Often referred to as nature’s most violent storms, tornadoes grow out of powerful thunderstorms, which first appear as rotating, funnel-shaped clouds that extend from a thunderstorm to the ground with whirling winds that can reach 300 miles per hour. I guess they look like the Tasmanian Devil on the Road Runner Show? Damage paths can be in excess of one mile wide and 50 miles long.

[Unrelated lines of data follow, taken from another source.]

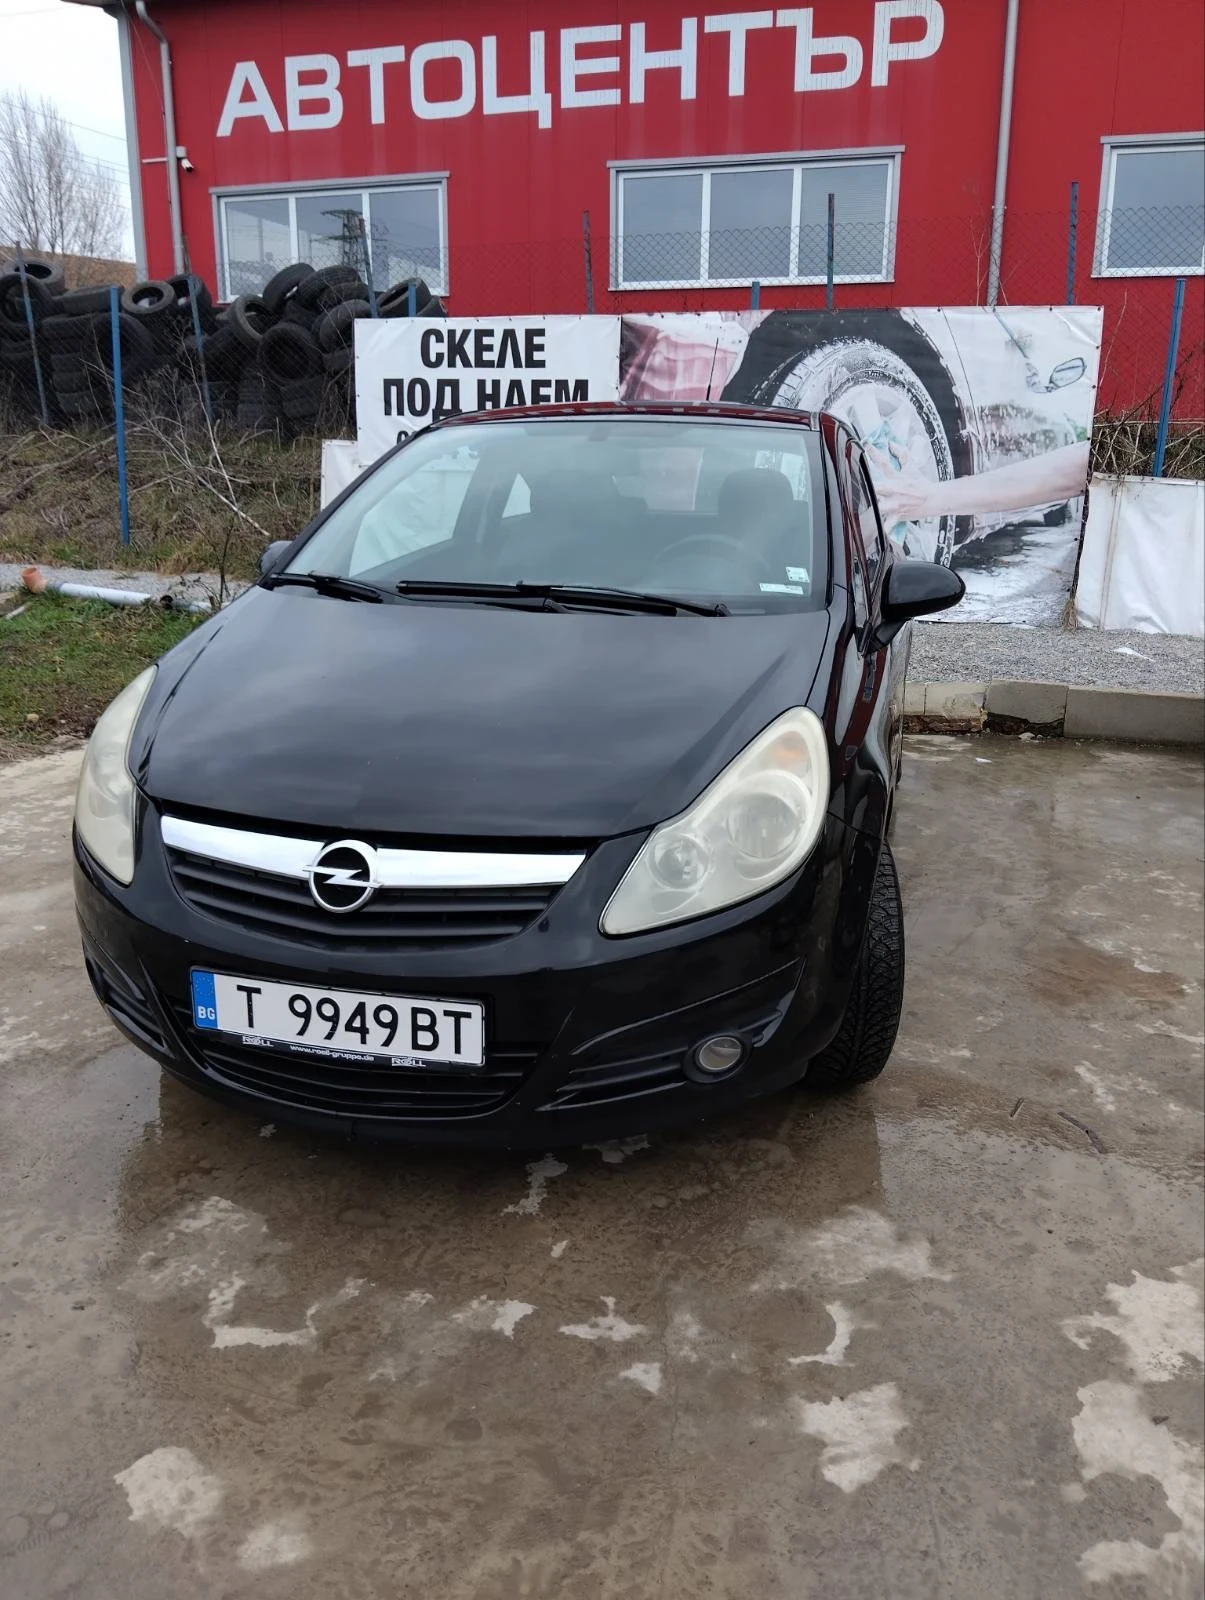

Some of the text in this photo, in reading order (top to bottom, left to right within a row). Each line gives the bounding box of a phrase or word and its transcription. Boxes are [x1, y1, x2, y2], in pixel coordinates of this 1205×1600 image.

[216, 0, 945, 137] АВТОЦЕНТЪР
[420, 328, 546, 368] СКЕЛЕ
[383, 377, 463, 422] ПОД
[197, 1005, 216, 1020] BG
[236, 984, 262, 1028] T

Here are a few facts about tornadoes:

  • Some tornadoes are clearly visible, while others might be obscured by rain or nearby low-hanging clouds.
  • Unlike hurricanes, tornadoes can develop so rapidly that little, if any, advance warning is possible.
  • Tornadoes may appear nearly transparent until dust and debris are picked up or a cloud forms in the funnel.
  • Immediately before a tornado hits, wind may die down and the air may become very still.
  • Sometimes, a tornado can leave a cloud of debris in its wake, marking the location of a tornado even when a funnel is not visible. I’ve been known to leave a cloud of debris in my own wake, or so I’m told.
  • The average tornado moves southwest to northeast, but can move in any direction.
  • Tornadoes generally occur near the trailing edge of a thunderstorm.
  • It is not uncommon to see clear, sunlit skies behind a tornado.
  • The average forward speed of a tornado is 30 mph, but may vary from stationary to 70 mph. My average speed is 30-40 mph.
  • Tornadoes can accompany tropical storms and hurricanes as they move onto land.
  • Waterspouts are tornadoes that form over water.
  • Tornadoes are most frequently reported east of the Rocky Mountains during spring and summer months. I love Colorado. So I think it might be worth the risk to live there.
  • Peak tornado season in the southern states is March through May; in the northern states, it is late spring through early summer.
  • Tornadoes are most likely to occur between 3 pm and 9 pm, but can occur at any time. That’s a little confusing…

How to Prepare for a Tornado

1. Assemble an emergency preparedness kit. And don’t forget to include turkey jerky!

2. Make a family and/or workplace communications plan.

3. Listen to NOAA Weather Radio or to commercial radio or television newscasts for the latest information. In any emergency, listen to instructions given by local emergency management officials. What to listen for:

  • Tornado Watch: Tornadoes are possible in the immediate area. Remain alert for approaching storms.
  • Tornado Warning: A tornado has been sighted or indicated by weather radar. If a tornado warning is issued for your area and the sky becomes threatening, move to your pre-designated place of safety.
  • Severe Thunderstorm Watch: Severe thunderstorms are possible.
  • Severe Thunderstorm Warning: Severe thunderstorms are occurring.

4. Tornadoes occasionally develop in areas in which severe thunderstorm storm watches or warnings are in effect. Remain alert to signs of an approaching tornado and seek shelter if threatening conditions exist.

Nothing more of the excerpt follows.